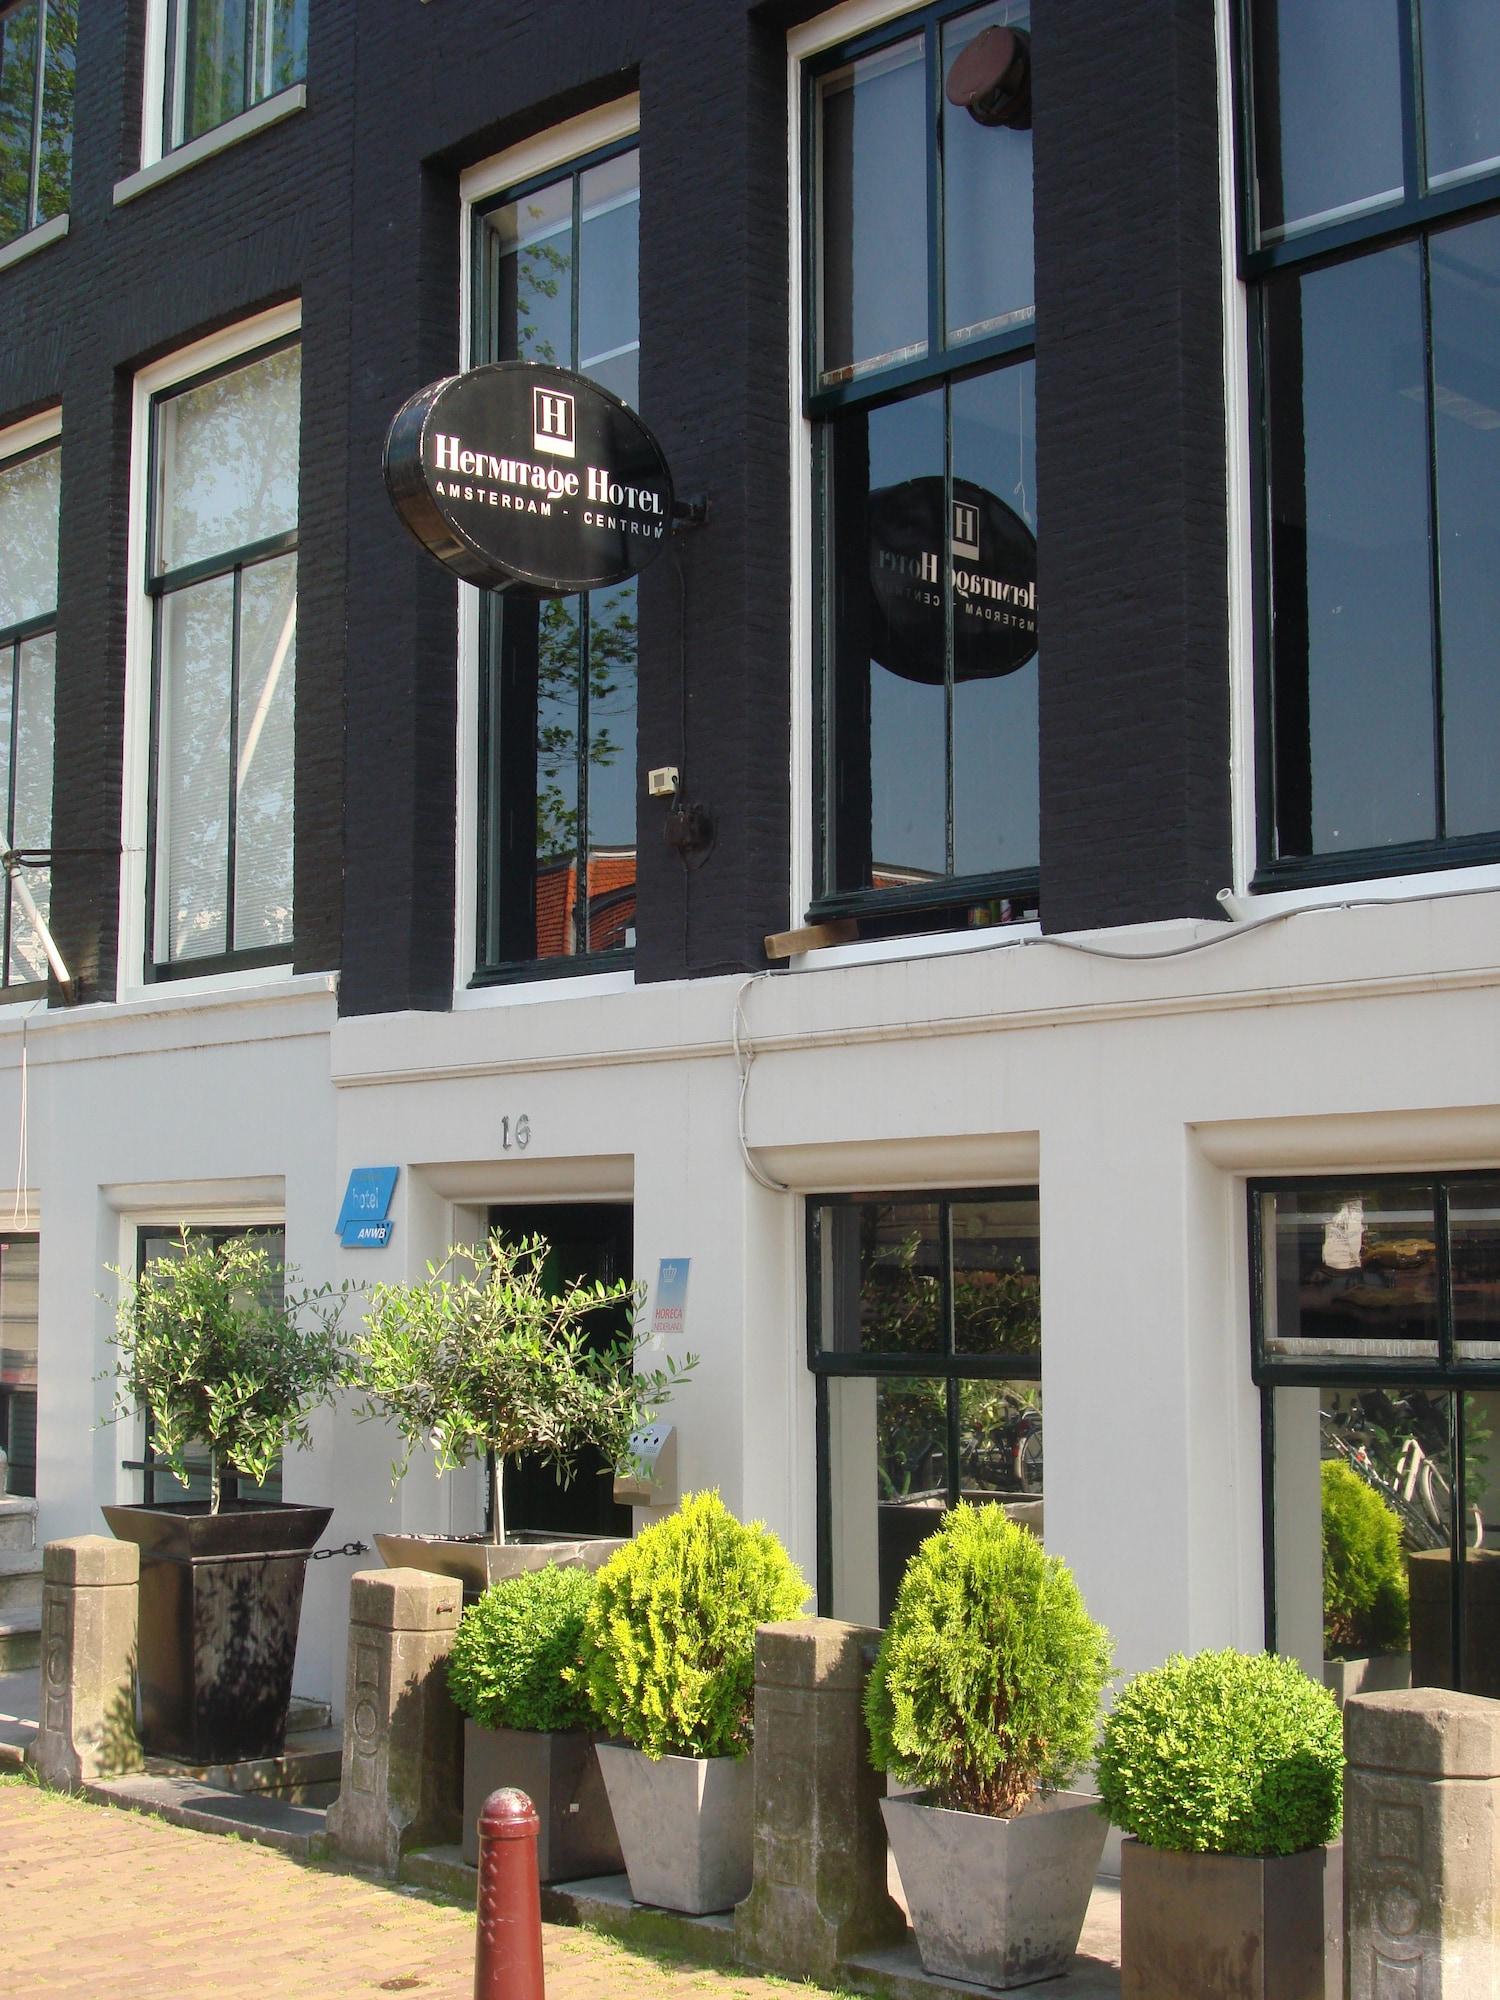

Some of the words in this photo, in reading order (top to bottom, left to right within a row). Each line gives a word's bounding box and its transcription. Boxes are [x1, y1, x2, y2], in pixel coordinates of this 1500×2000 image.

[541, 395, 567, 436] H
[435, 481, 551, 516] AMSTERDAM
[583, 511, 664, 539] CENTRUM
[501, 1114, 531, 1150] 16
[352, 1187, 379, 1209] hotel
[357, 1227, 386, 1239] ANWB
[655, 1307, 682, 1319] HORECA
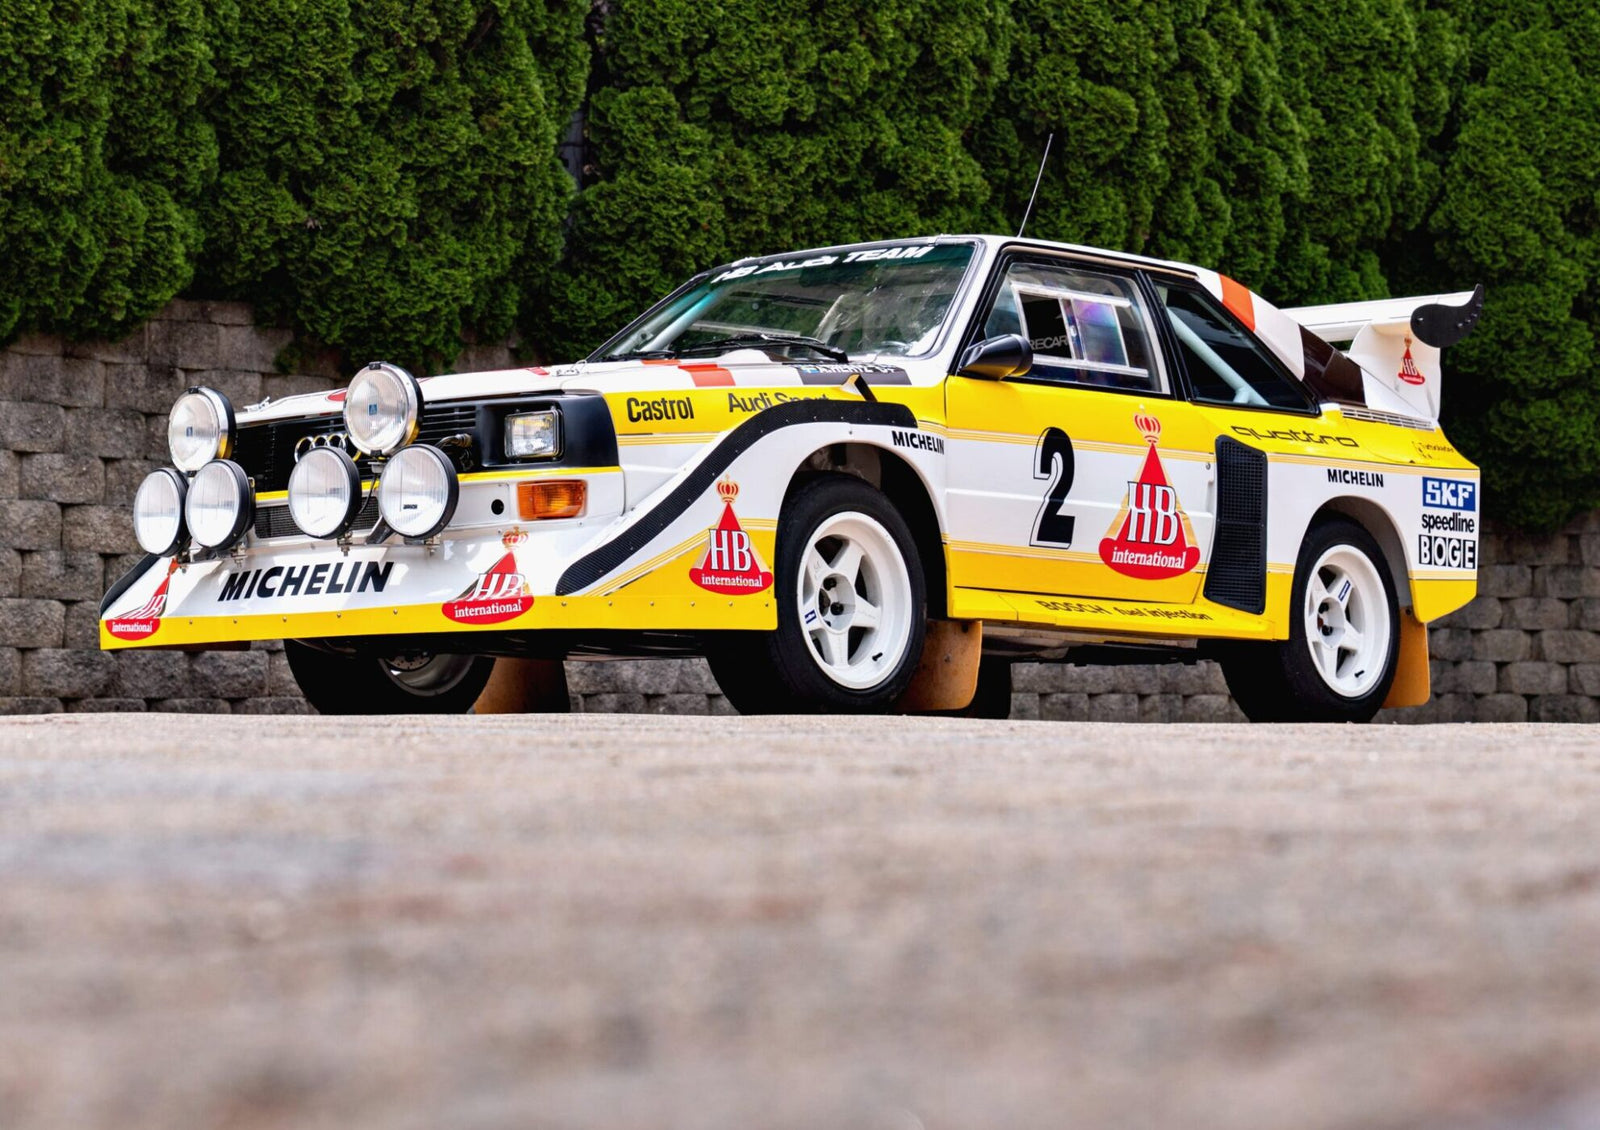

• **Task requirements**
Set down every record exactly as written, but drop the pictures.

• **Your solution**
Some of the words in this photo, in reading order (top to bottom, left to right within a row). Each line gives a word's bounding box and its transcription. Boxes are [x1, y1, x2, y2], in pixel coordinates of this 1500×2000 image.

[541, 395, 567, 436] H
[435, 481, 551, 516] AMSTERDAM
[583, 511, 664, 539] CENTRUM
[501, 1114, 531, 1150] 16
[352, 1187, 379, 1209] hotel
[357, 1227, 386, 1239] ANWB
[655, 1307, 682, 1319] HORECA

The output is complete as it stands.